Relationship between depression and clinical outcome following anterior cervical discectomy and fusion

Kevin Phan, Dane Moran, Thomas Kostowski, Risheng Xu, Rory Goodwin, Benjamin Elder, Seba Ramhmdani, Ali Bydon


Background: Anterior cervical discectomy and fusion (ACDF) is a commonly performed procedure for patients with symptomatic degenerative conditions of the cervical spine. The objective is to assess the impact of preoperative depression and other baseline characteristics on patient reported clinical outcomes following ACDF surgery based on the experience at our institution.
Methods: This was a retrospective cohort study of some patients undergoing ACDF at a single institution from 2012 to 2014. Ninety-three patients that underwent an ACDF procedure were included. The primary outcome measure was post-operative Nurick score.

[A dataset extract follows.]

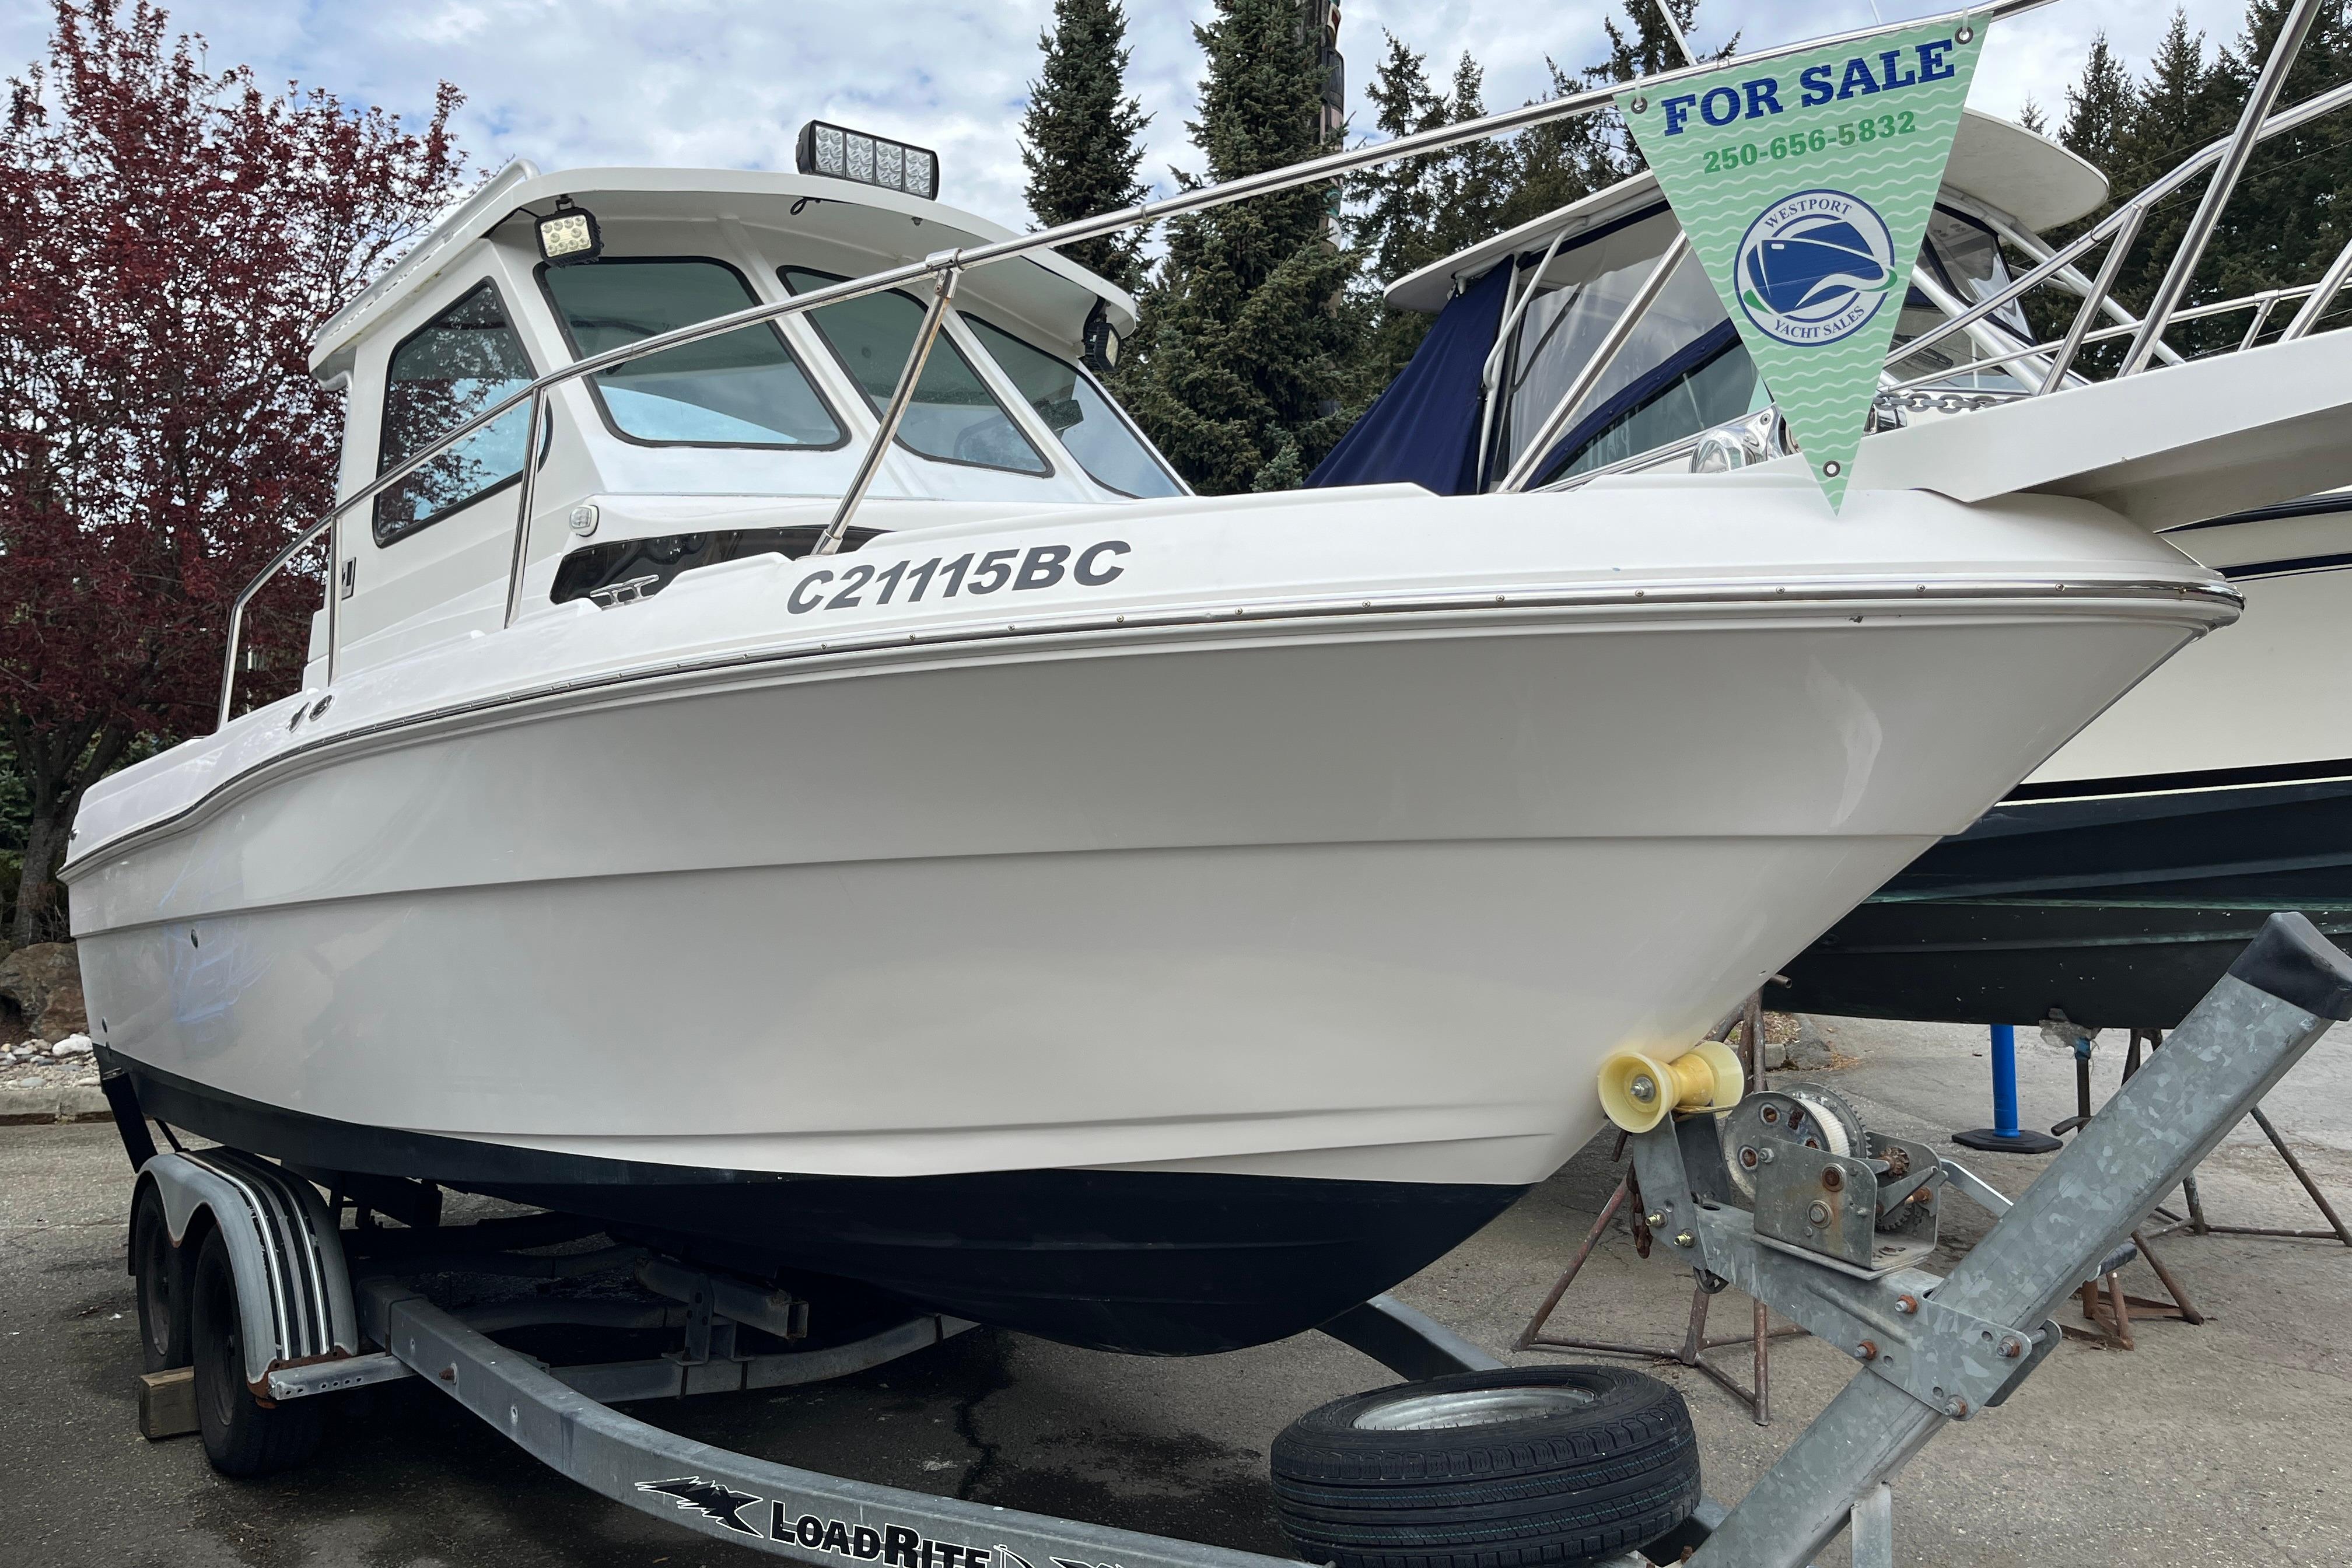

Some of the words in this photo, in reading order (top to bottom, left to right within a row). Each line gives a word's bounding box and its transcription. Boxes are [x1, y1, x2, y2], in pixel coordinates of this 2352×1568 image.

Results: Sixteen (17.2%) patients had a formal diagnosis of depression compared to 77 (82.8%) patients without depression. On univariate analysis, patients with depression had statistically significantly higher Nurick scores compared to patients without depression after surgery (coefficient =0.55, 95% CI: 0.21–0.90, P=0.002). On multivariate analysis, there was a trend toward higher postoperative Nurick scores in patients that had depression (coefficient =0.31, 95% CI: −0.01–0.63, P=0.057).
Conclusions: This small retrospective study reveals an inverse relationship between preoperative depression and functional outcome. Further research should be performed to investigate this relationship and to investigate if treating depression can improve postoperative outcomes.